Ariel se rappela alors que le soir de leur dispute, Mélodie se grattait fréquemment l'épaule. Sur le moment elle n'y avait pas prêté attention, pensant qu'il ne s'agissait que d'un tic nerveux ou une distraction. Elle pensait jusqu'alors que sa fille se serait tordu de douleur si elle s'était faite piquée par une de ses méduses. À présent, elle s'en voulut de ne pas avoir remarqué plus tôt que Mélodie était en réalité blessée.

Elle se rapprocha alors de sa fille pour inspecter son épaule en prenant soin de ne pas regarder ses parties intimes. Elle dût cependant plisser les yeux et s'approcher de très près du dos de Mélodie pour réparer les fines traces de tentacules encore rouges mais à peine plus épais qu'un cheveux. Pas étonnant qu'elle ne l'eût pas remarqué plus tôt.

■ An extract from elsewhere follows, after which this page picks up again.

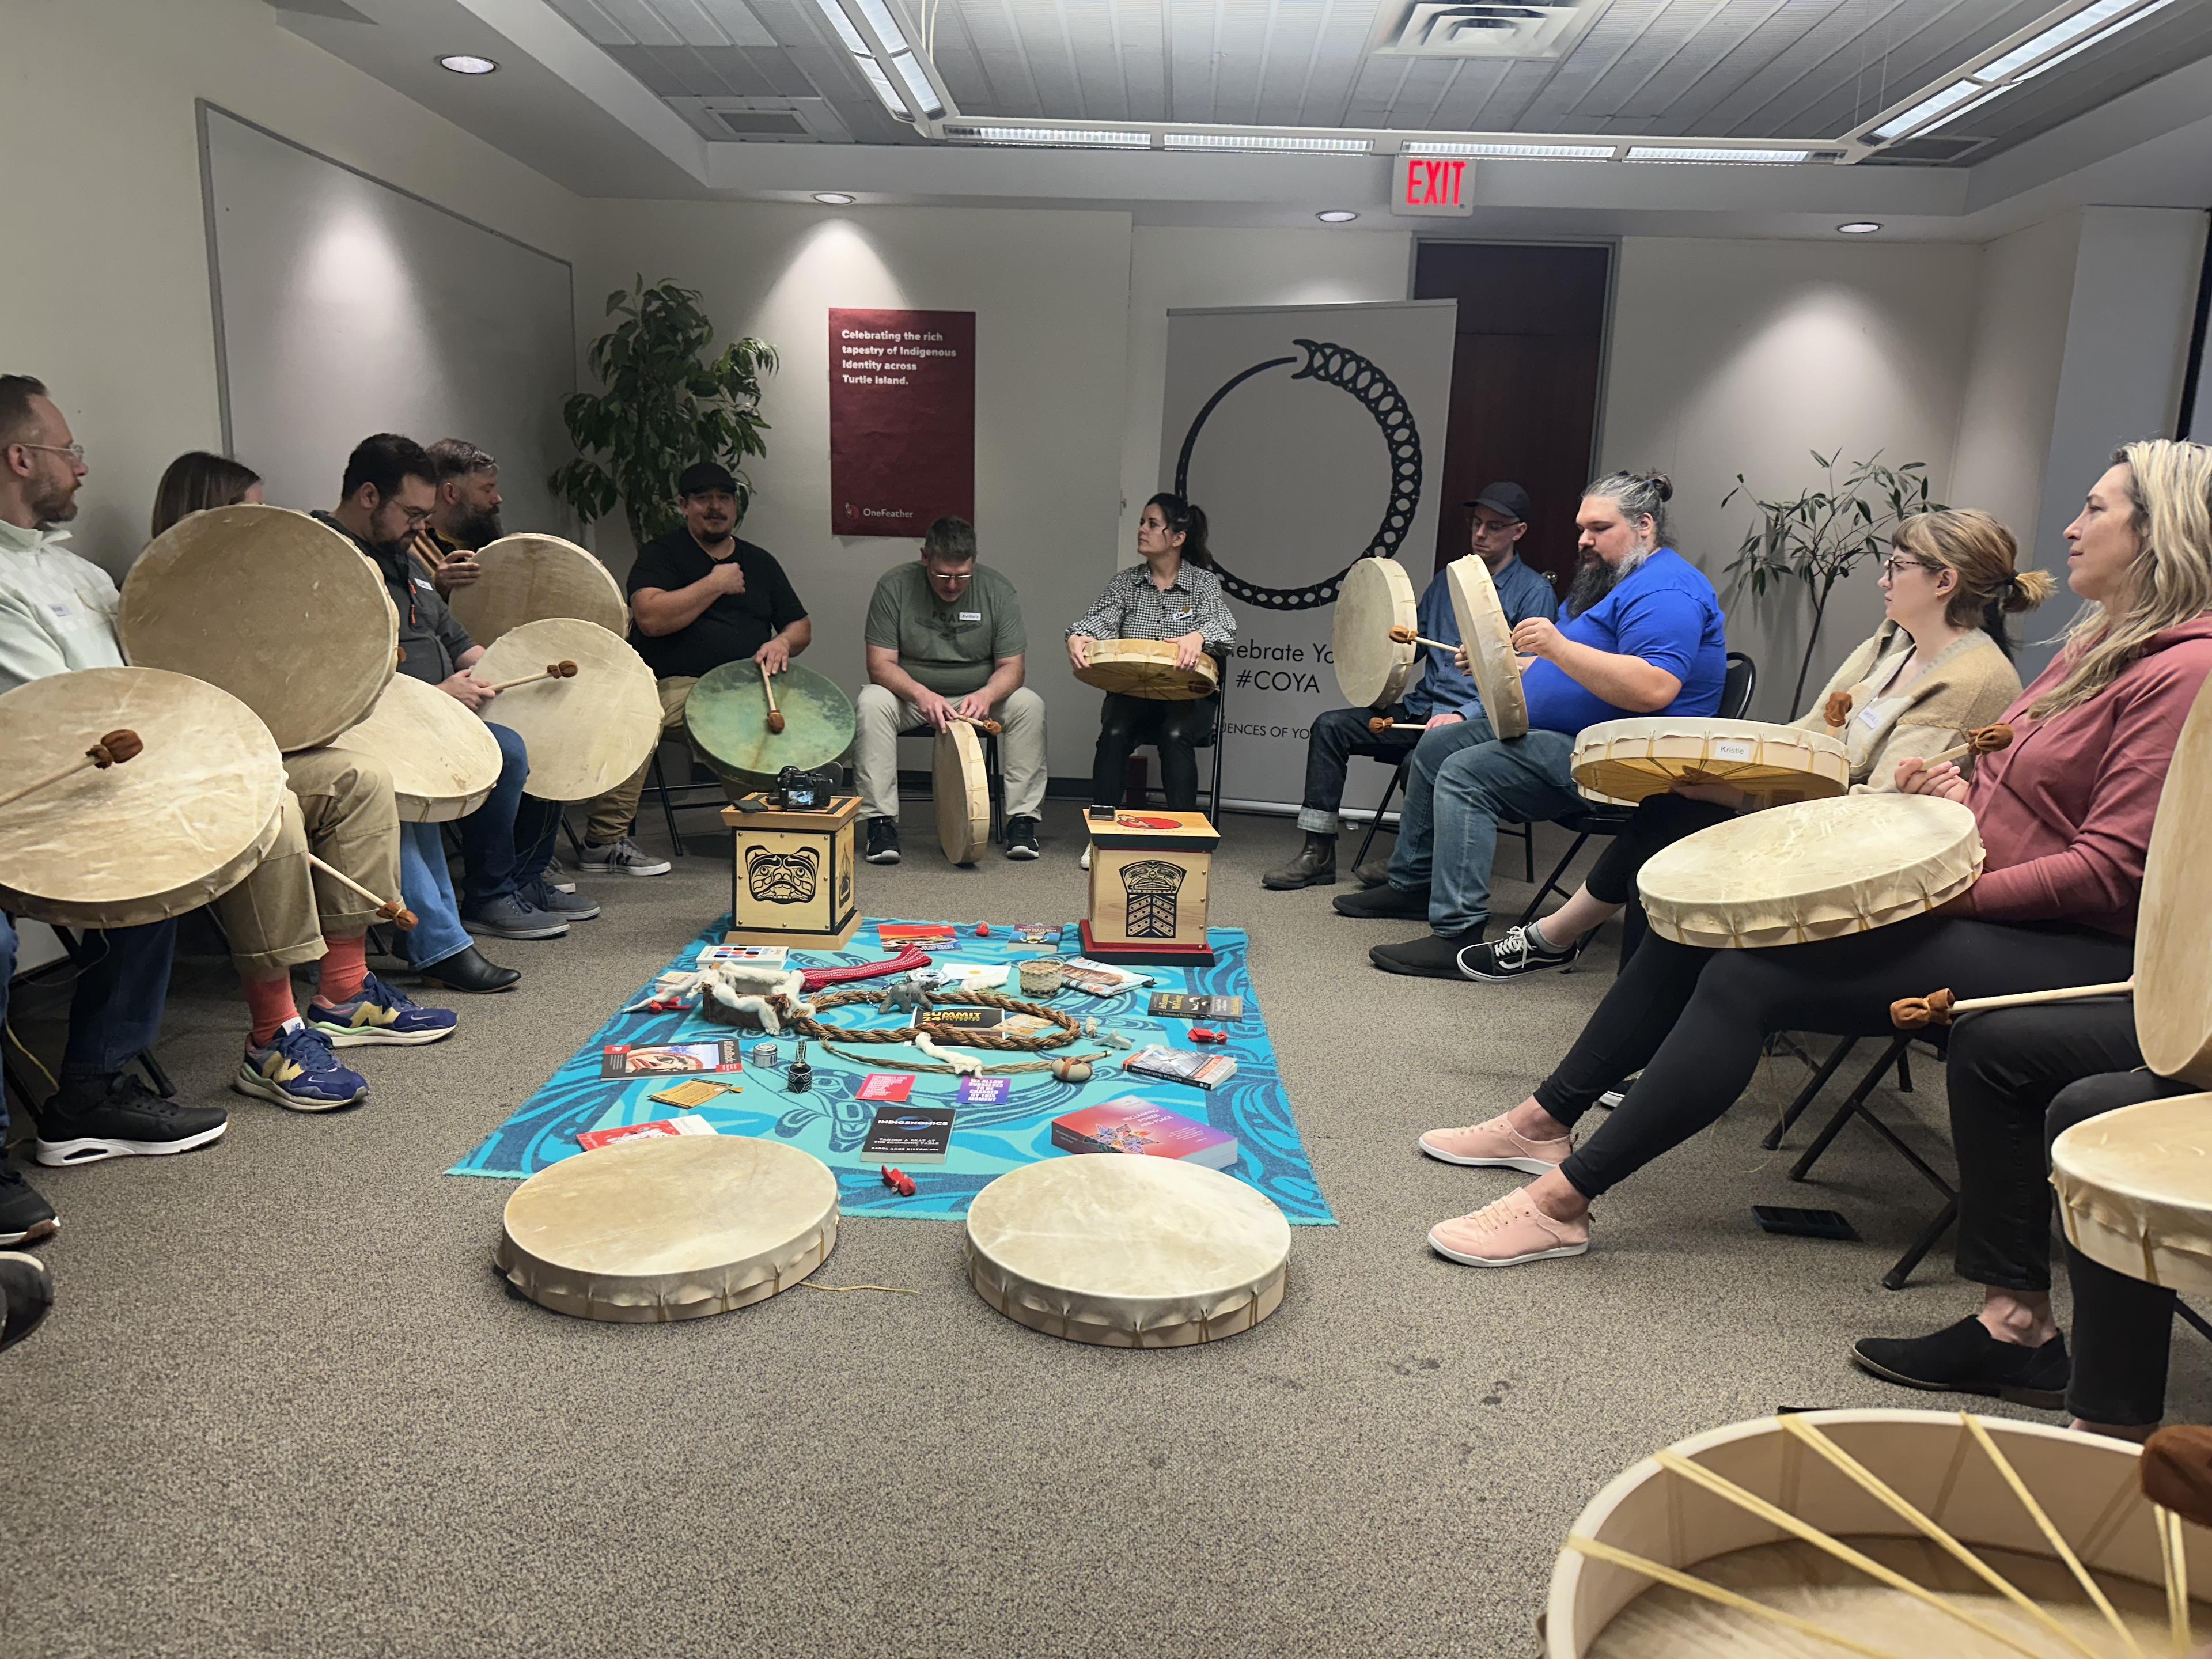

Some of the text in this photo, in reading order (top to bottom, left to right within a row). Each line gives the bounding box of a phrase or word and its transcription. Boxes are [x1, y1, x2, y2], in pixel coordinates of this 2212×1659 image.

— T'es sûre que c'est bien une de ses méduses violettes qui t'a fait ça ? lui demanda-t-elle sceptique.

— Sûre et certaine, lui répondit Mélodie.

Ça devait être une petite.

— Et tu penses que ça aurait un rapport avec ta transformation ? demanda Ariel derechef.

— Ça je ne peux pas le confirmer, lui répondit Mélodie. Mais quand j'ai commencé à le transformer, j'ai ressenti cette douleur à l'épaule qui se relançait... Je suis désolée de ne pas t'en avoir parlé plus tôt. ... Et aussi pour tout le reste.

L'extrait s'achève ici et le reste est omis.